Chemo-sensing is carried out by a broad repertoire of chemoreceptors. Most have a N-terminal
region that spans the membrane twice, which results in an intertwined periplasmic domain that
can sense an extracellular signal. The C-terminal cytoplasmic region comprises a
HAMP region (that connects the extracellular sensory domain with intracellular signaling domains), a dimerization domain and a kinase domain
that interacts with its RR (3)
Ligands bind to the periplasmic domain of the chemoreceptor, at the interface between the
two monomers of the dimer, with residues from both monomers being involved in the binding
process. Ligand binding alters the interactions between the periplasmic domains, and
between the transmembrane dimer (3).
The cytoplasmic region of the chemoreceptors interacts with two additional proteins - CheA and CheW, to form stable ternary complexes that generate stimulus signals.

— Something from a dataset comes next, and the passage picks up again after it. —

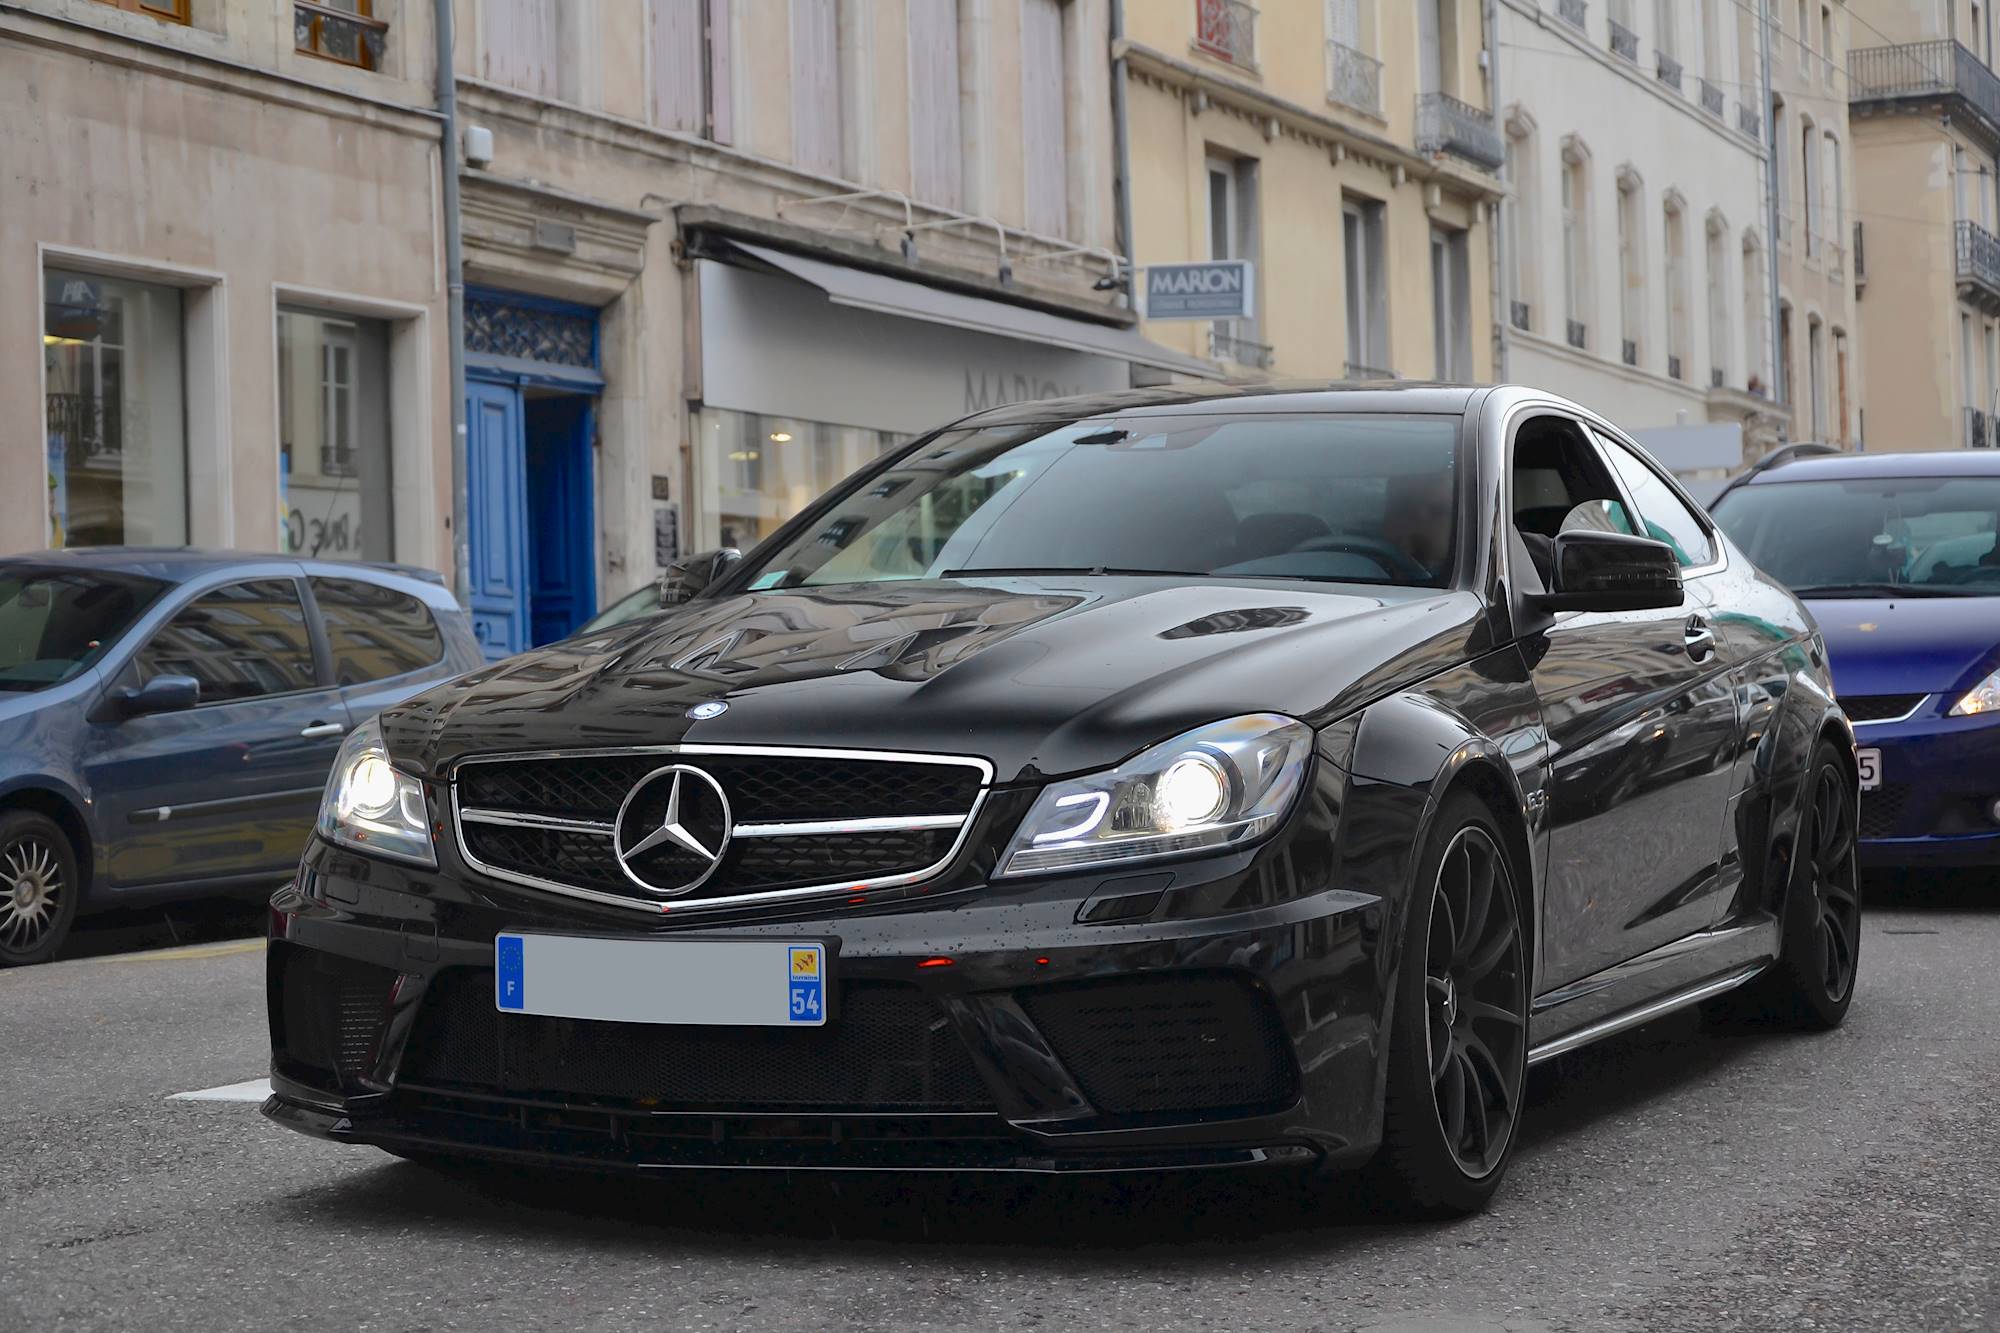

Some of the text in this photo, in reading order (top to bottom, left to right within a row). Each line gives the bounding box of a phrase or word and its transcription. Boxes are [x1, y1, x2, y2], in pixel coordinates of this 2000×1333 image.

The activation of the receptor by an external stimulus causes auto-phosphorylation in the histidine kinase,
CheA. CheA, in turn, transfers phosphoryl groups to residues in the
response regulators CheB and CheY, which are cytoplasmic proteins. CheW is an adaptor protein, physically bridges CheA to the chemoreceptor to allow regulated phosphor-transfer to CheY and CheB. CheB (methylesterase) regulates the chemoreceptor methylation state. It works oppositely with CheR, a methyltransferase. When an attractant is bound to the receptors binding domain – the chemoreceptor is methylated by CheR. Then, CheY transmits the signals to the flagellar motors. The phosphate in CheY is continuously removed by CheZ. The short life time of phosphorylated CheY means that the bacteria are very responsive to changes in attractant concentration. This mechanism of signal transduction is called two component system, and is common form of signal transduction in bacteria (1).
References:
1. GREBE, Thorsten W.; STOCK, Jeff. Bacterial chemotaxis: the five sensors of a bacterium. Current Biology, 1998, 8.5: R154-R157.
2. John S. Parkinson, An overview of E. coli chemotaxis, Biology Department, University of Utah
3. WADHAMS, George H.; ARMITAGE, Judith P. Making sense of it all: bacterial chemotaxis. Nature Reviews Molecular Cell Biology, 2004, 5.12: 1024-1037.
4. WANG, Qingfeng, et al. Sensing wetness: a new role for the bacterial flagellum. The EMBO journal, 2005, 24.11: 2034-2042.